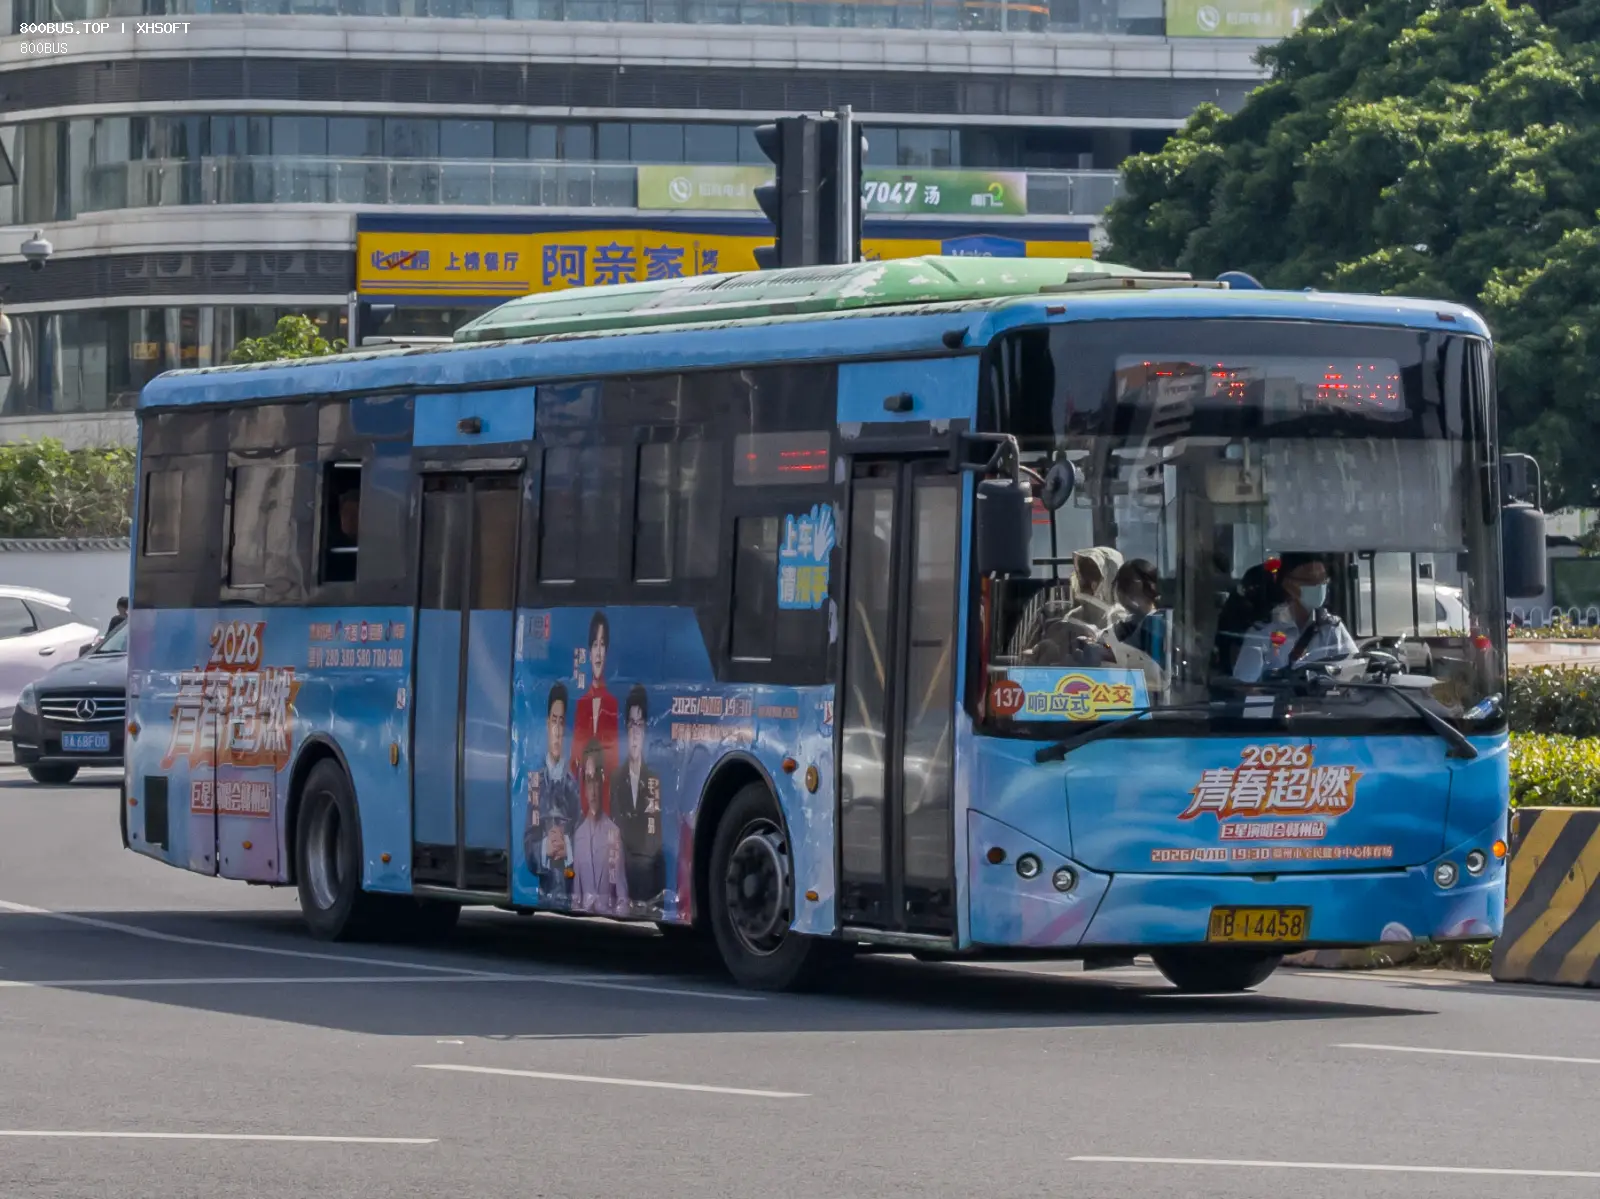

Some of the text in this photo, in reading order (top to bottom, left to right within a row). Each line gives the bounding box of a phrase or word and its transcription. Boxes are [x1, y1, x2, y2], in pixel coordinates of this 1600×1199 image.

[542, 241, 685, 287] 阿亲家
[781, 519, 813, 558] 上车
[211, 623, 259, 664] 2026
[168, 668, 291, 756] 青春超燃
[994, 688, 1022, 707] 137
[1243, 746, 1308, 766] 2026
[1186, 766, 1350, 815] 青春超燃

────────────────

■ TASK TO CARRY OUT: Without the pictures, retype the whole of the material above exactly.

■ SOLUTION:
Some of the text in this photo, in reading order (top to bottom, left to right within a row). Each line gives the bounding box of a phrase or word and its transcription. Boxes are [x1, y1, x2, y2], in pixel coordinates of this 1600×1199 image.

[542, 241, 685, 287] 阿亲家
[781, 519, 813, 558] 上车
[211, 623, 259, 664] 2026
[168, 668, 291, 756] 青春超燃
[994, 688, 1022, 707] 137
[1243, 746, 1308, 766] 2026
[1186, 766, 1350, 815] 青春超燃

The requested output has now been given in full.